All five Riverhead Town Board members voted no Tuesday on a resolution to change the requirements in the town’s qualified and eligible sponsor regulations regarding the submittal of financial information, but their reasons for doing so varied.
The proposal stems from the town’s proposed sale of 1,640-acres at the Enterprise Park at Calverton to Calverton Aviation & Technology, a group headed by Triple Five Group.
Supervisor Laura Jens-Smith and Councilwoman Catherine Kent, both Democrats, had submitted the proposal to force their Republican counterparts to formally vote by resolution if they wanted to lessen the requirement that companies seeking Q&E status show they have the financial wherewithal to buy and develop land at Urban Renewal sites like EPCAL. Ms. Jens-Smith and Ms. Kent both opposed the proposal.
“The reason this resolution is here is because board members expressed that they’re not interested in seeing the financial documents,” Ms. Jens-Smith said.
Richard Amper, the executive director of the Long Island Pine Barrens Society, also weighed in at Tuesday’s Town Board meeting.

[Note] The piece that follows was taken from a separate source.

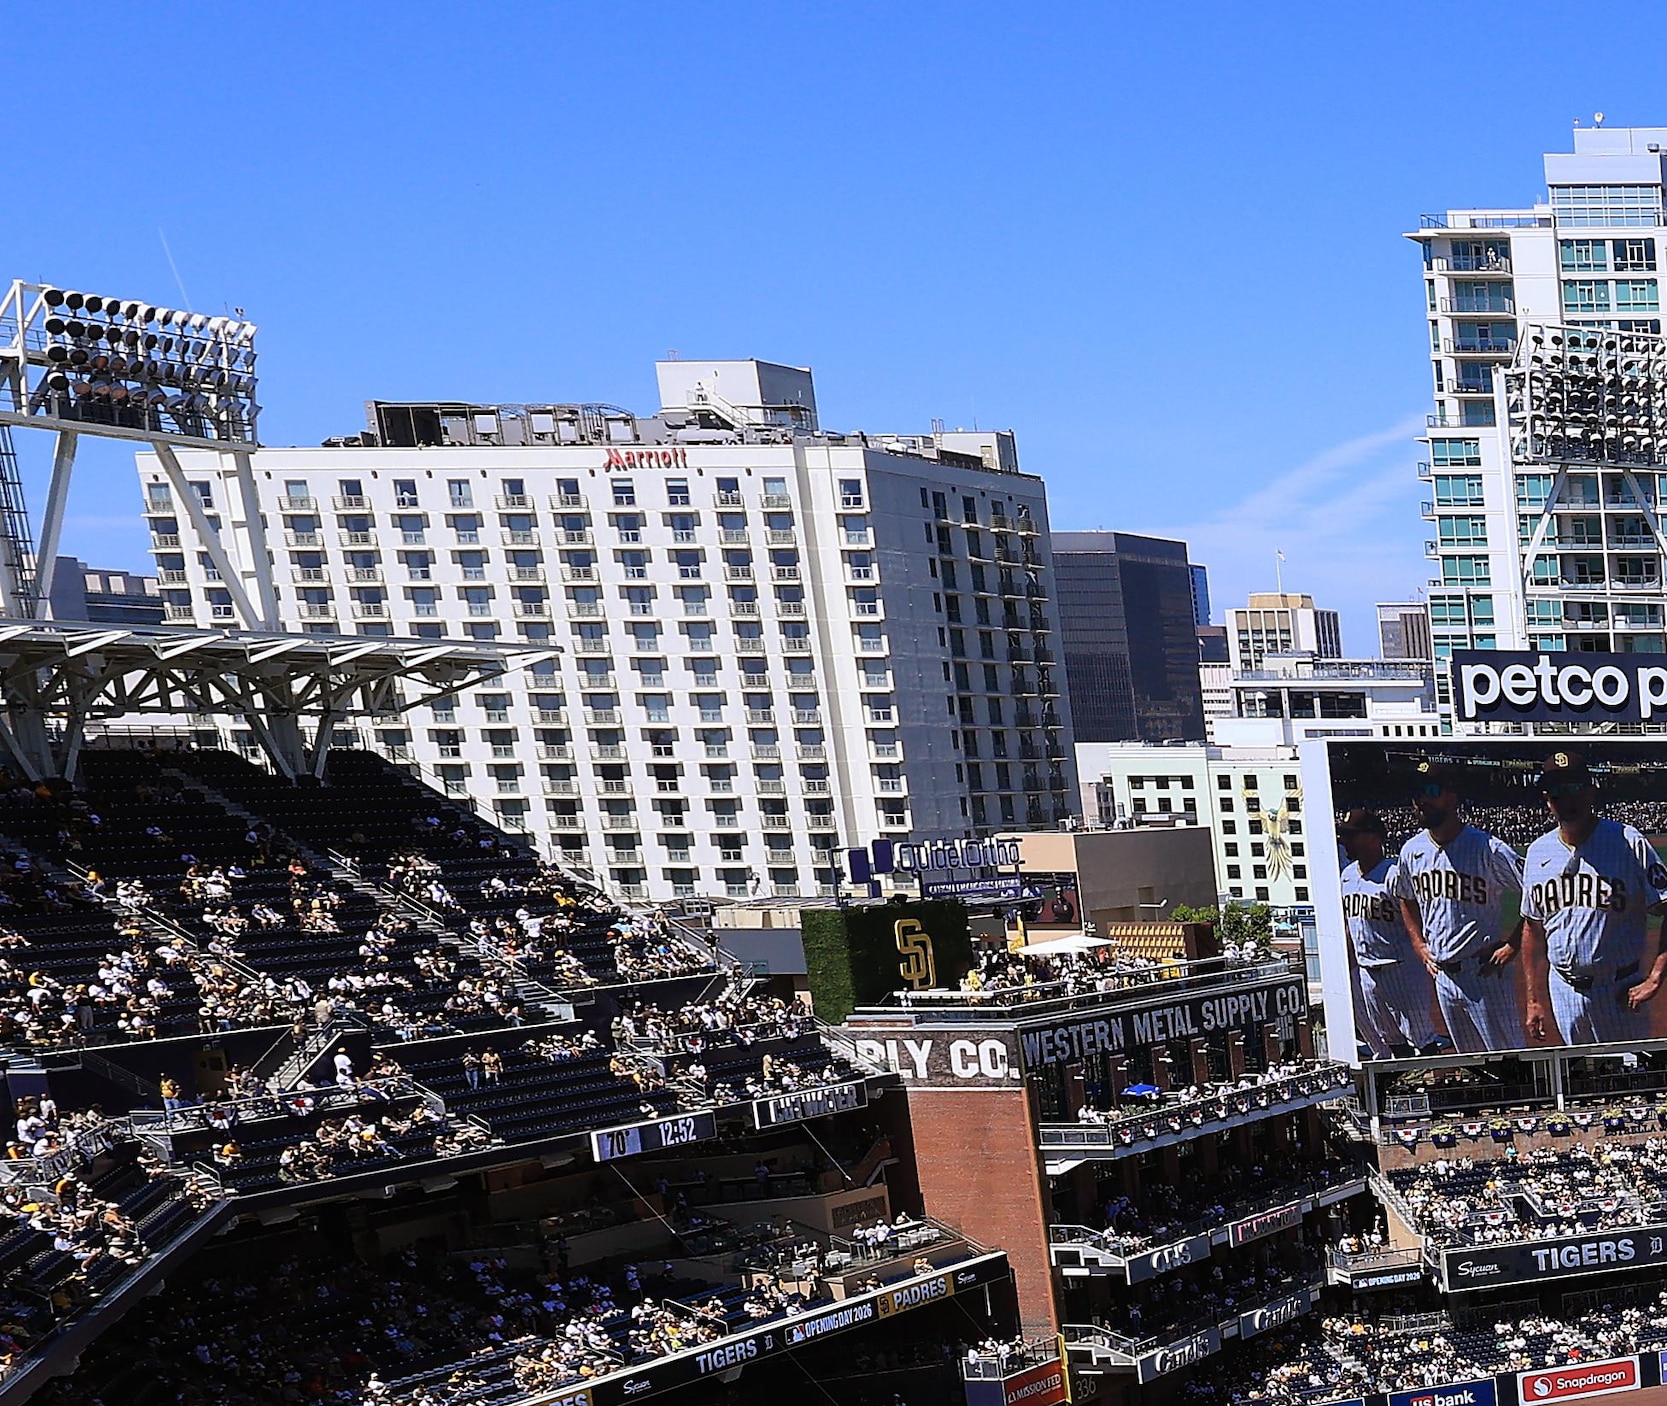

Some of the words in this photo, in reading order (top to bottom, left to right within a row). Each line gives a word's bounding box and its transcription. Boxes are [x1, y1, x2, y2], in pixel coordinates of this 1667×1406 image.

“It’s completely incomprehensible why you would want anything less than the maximum amount of information that you can get to make the best informed decision,” he said. “This is the most significant decision that you folks will ever make.”
Republican council members Jodi Giglio, Jim Wooten and Tim Hubbard also voted no — for different reasons.
“This is not wise to change the rules in the middle of the game,” Ms. Giglio said.
The proposed resolution changes the rules for any groups seeking a future Q&E designation, including publicly traded companies, where such information would be available, she said.
Mr. Hubbard had previously said the resolution was an attempt to stall the proposed $40 million at EPCAL.
Mr. Wooten said “resolutions should have some sort of consensus on the board before they be introduced.”
At a recent Town Board work session, town finance administrator Bill Rothaar said that CAT hadn’t submitted any of the financial information the town requested. But he added that the town has approved Q&E status in the past to companies that did not submit financial information.
Ms. Jens-Smith proposed a resolution to change the portion of the Q&E law to say that an applicant “may but does not have to include” the financial information currently required.
This includes a “pro forma financial statements for the proposed project, including sources and uses of funds, certified personal and corporate financial statements of the applicant sponsor, financial commitments of participating lenders, proposed security for the project, business plans and economic analysis of the project and past compliance with municipal laws, rules and regulations,” as the law currently states.
Triple Five Group is a privately-owned company and is not required to submit public Securities and Exchange financial statements like a publicly traded company would. Triple Five has stated it would not submit those financial documents, but submitted other information they say shows they are qualified, including a letter from accounting firm Grant Thornton saying Triple Five has “in excess of $40 million for use in connection with the purchase” of EPCAL.
Ms. Jens-Smith said the $40 million sale price doesn’t cover the cost of sewer and water district upgrades and the minimum $1 million infrastructure improvements that’s required in the agreement of sale.